(Data for this task)

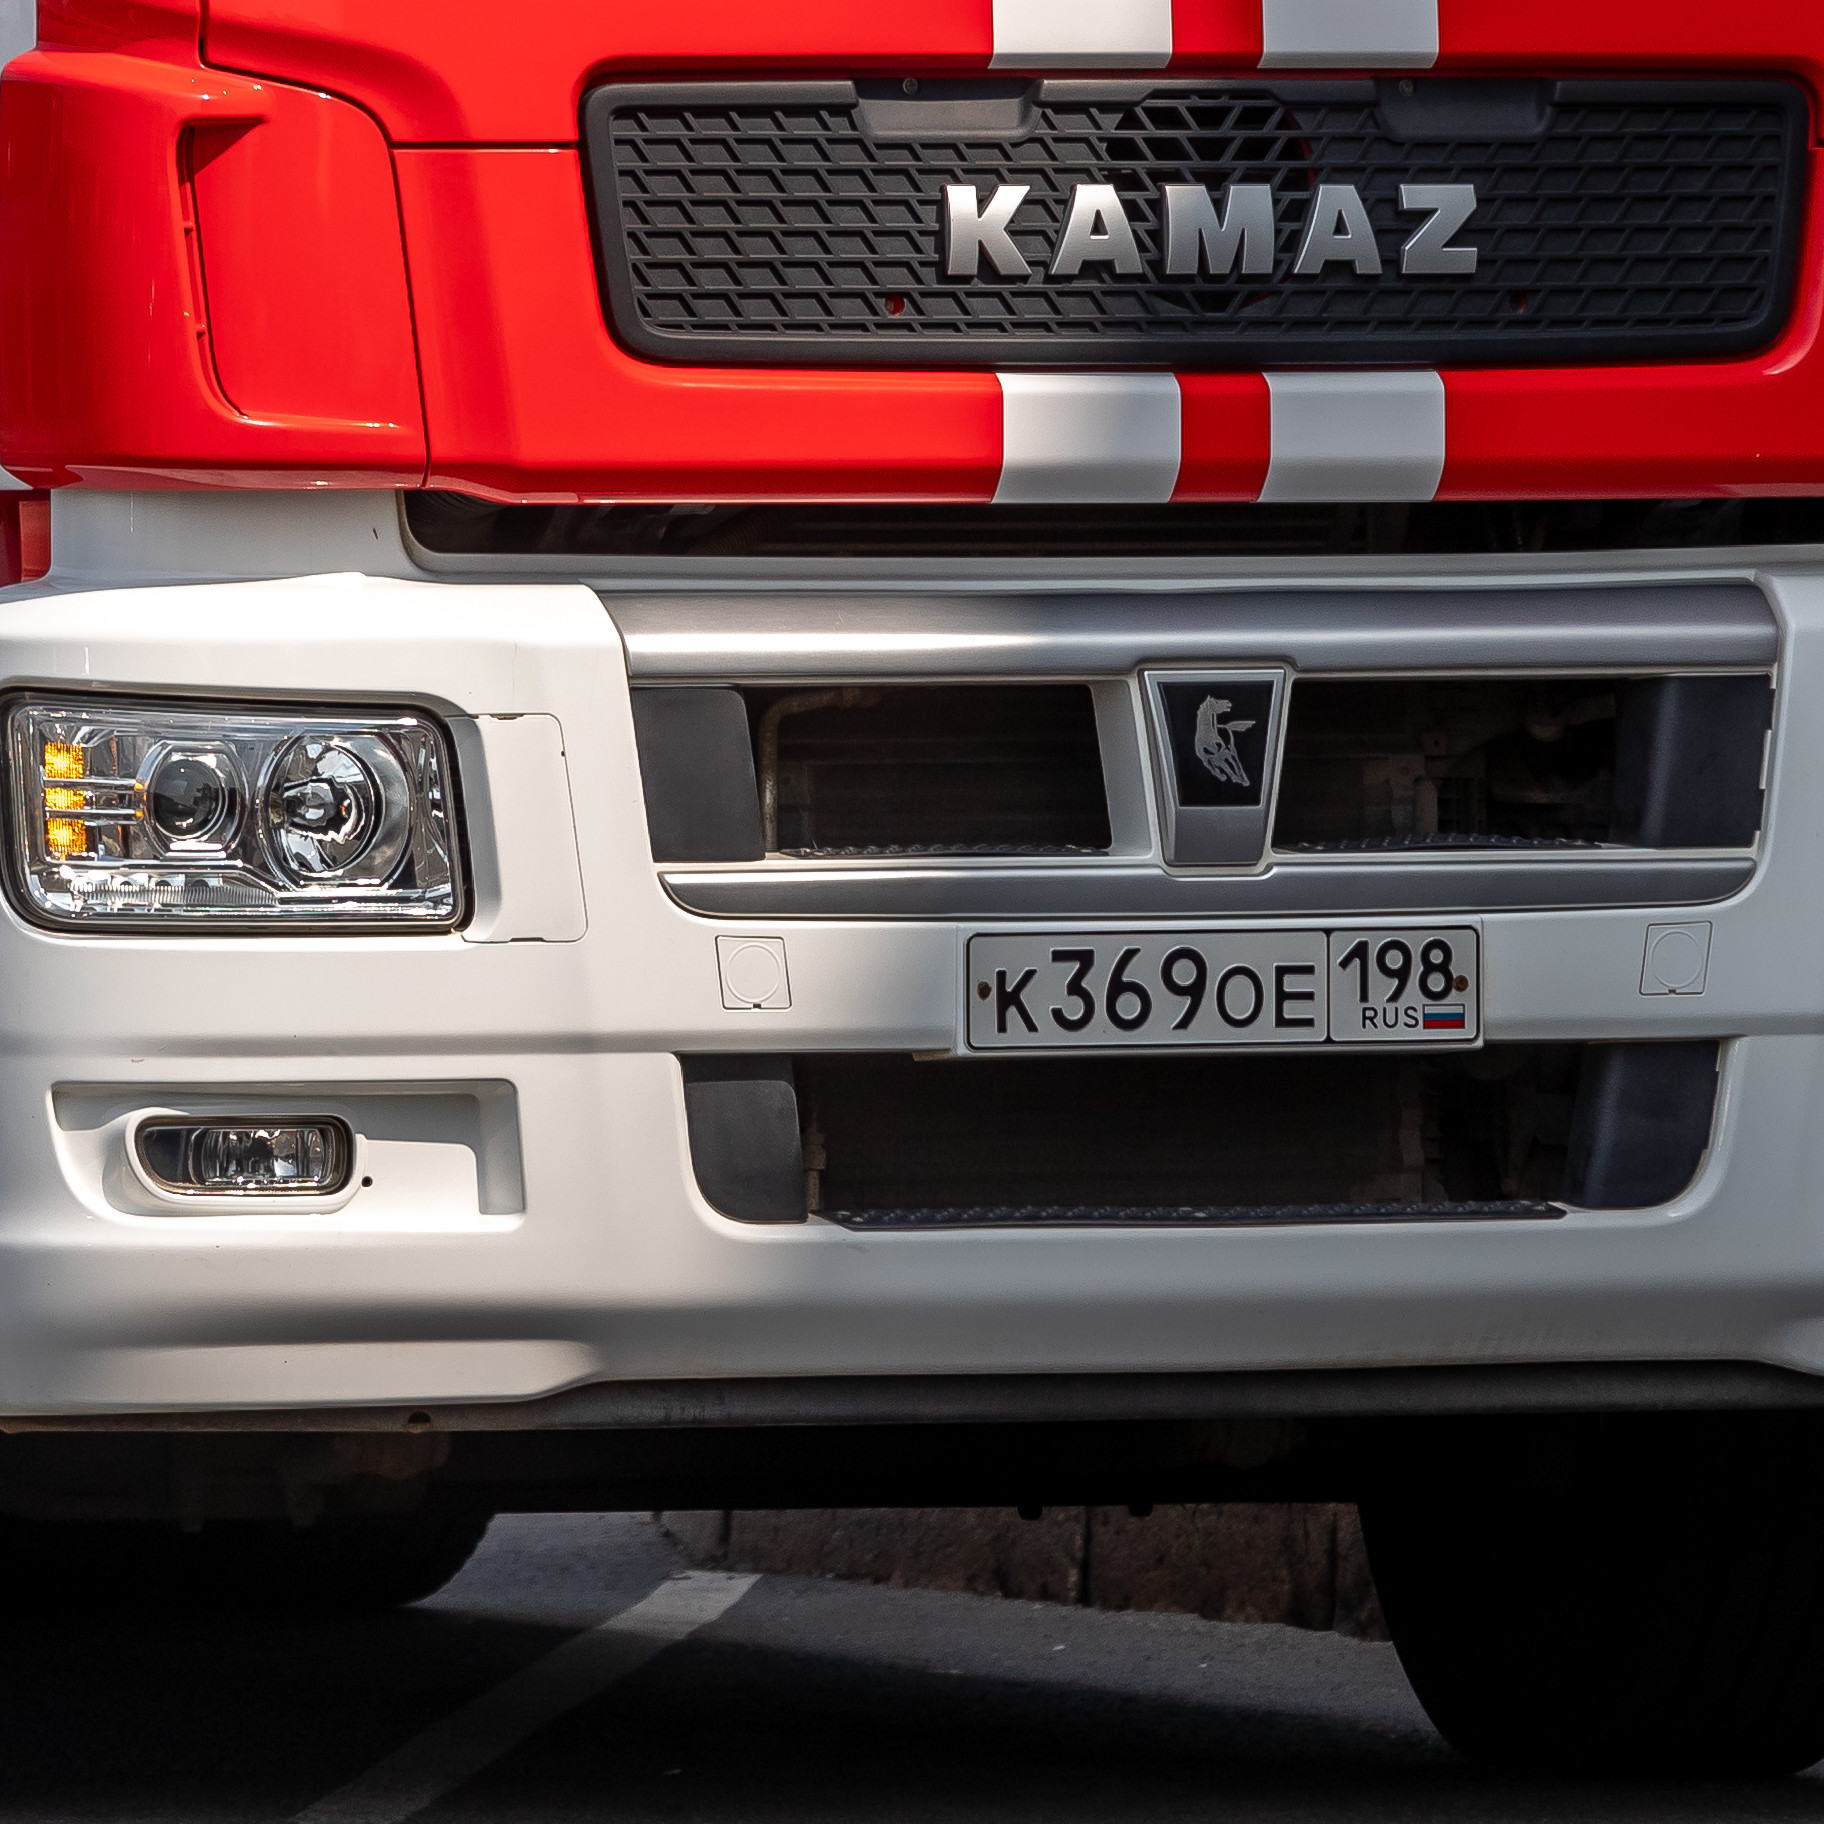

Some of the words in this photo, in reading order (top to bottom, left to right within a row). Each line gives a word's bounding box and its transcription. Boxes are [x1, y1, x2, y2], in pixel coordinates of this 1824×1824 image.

[942, 183, 1477, 275] KAMAZ
[995, 944, 1316, 1034] К369ОЕ
[1337, 937, 1455, 1004] 198
[1362, 1005, 1420, 1030] RUS
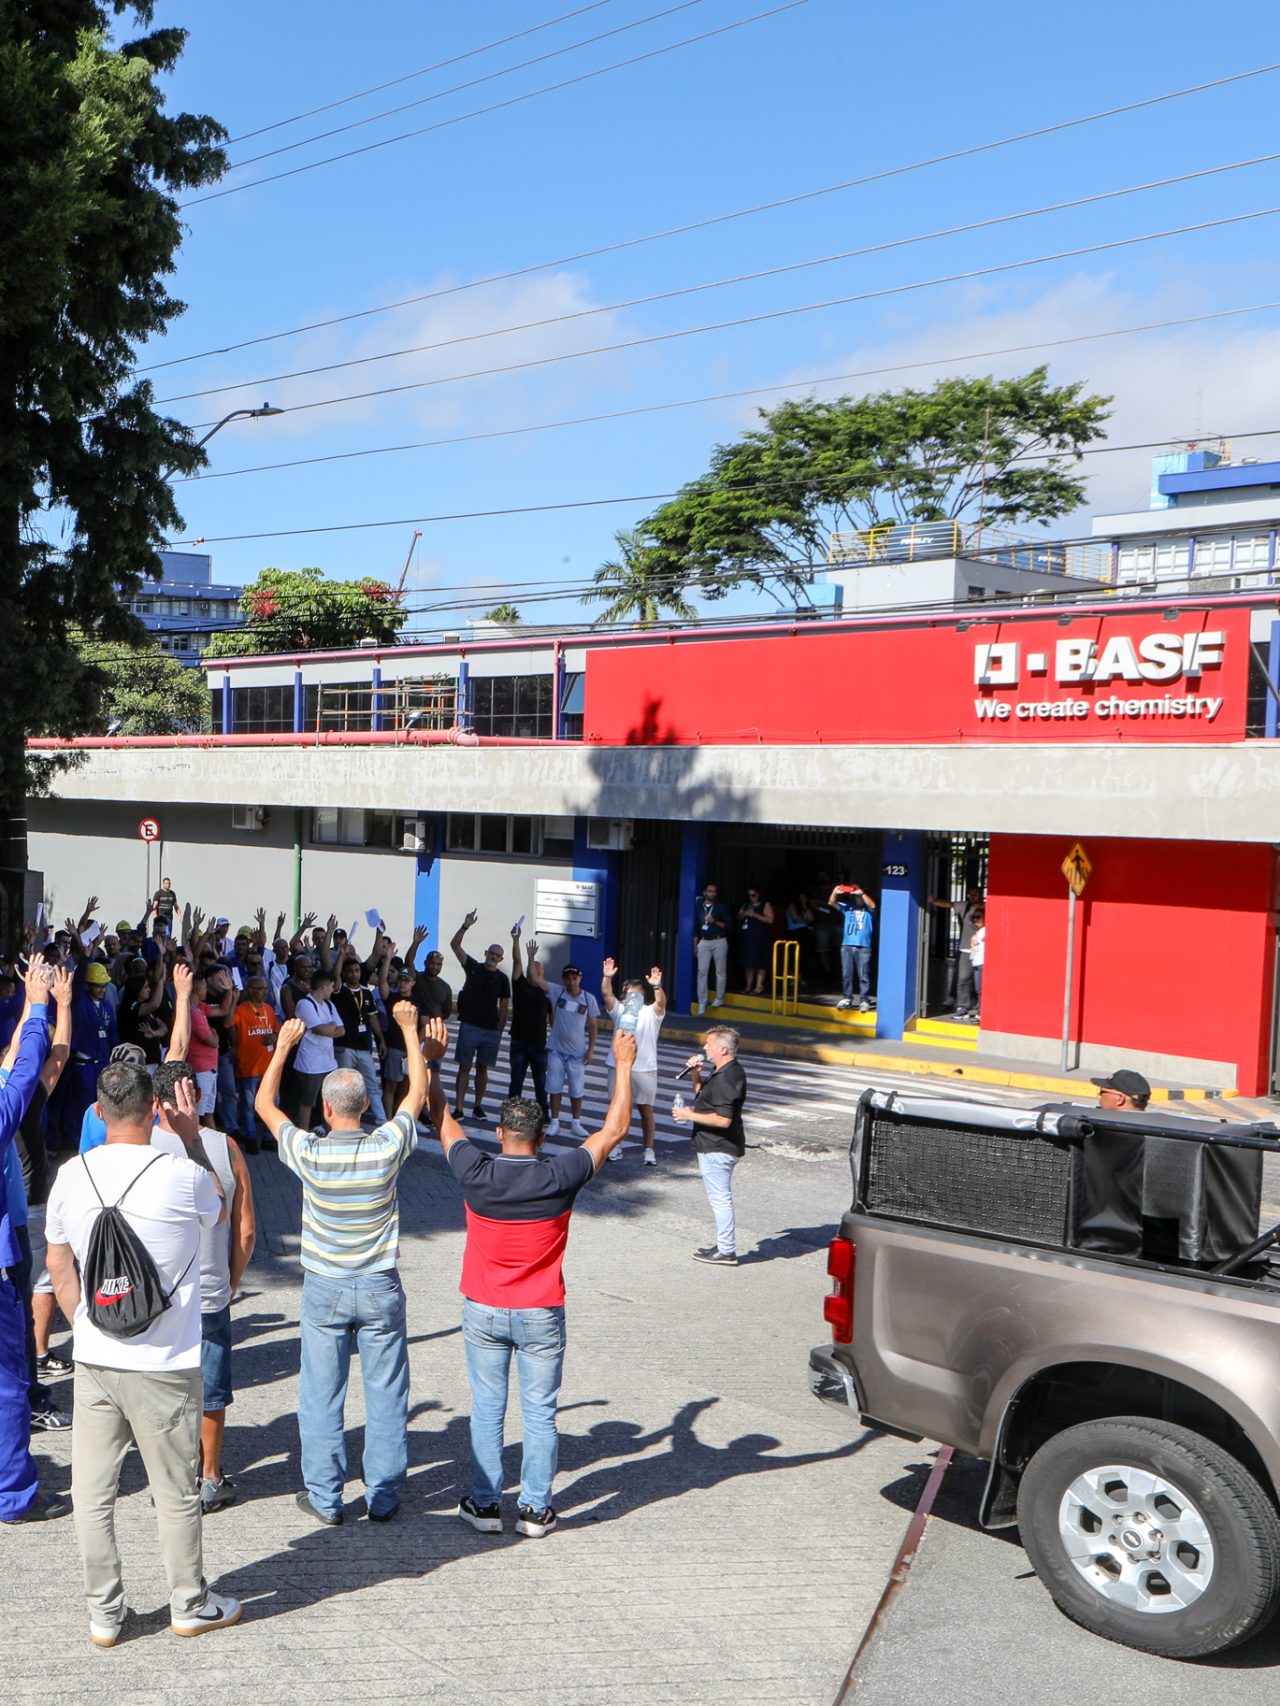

(End Data for this task)

Exercise brief: An exact copy of all the records is required, with the pictures omitted.

Result below:
Some of the words in this photo, in reading order (top to bottom, left to right within a row). Each line gives a word's bounding box and its transcription. Boxes are [x1, y1, x2, y2], in pixel coordinates of this 1824×1824 image.

[942, 183, 1477, 275] KAMAZ
[995, 944, 1316, 1034] К369ОЕ
[1337, 937, 1455, 1004] 198
[1362, 1005, 1420, 1030] RUS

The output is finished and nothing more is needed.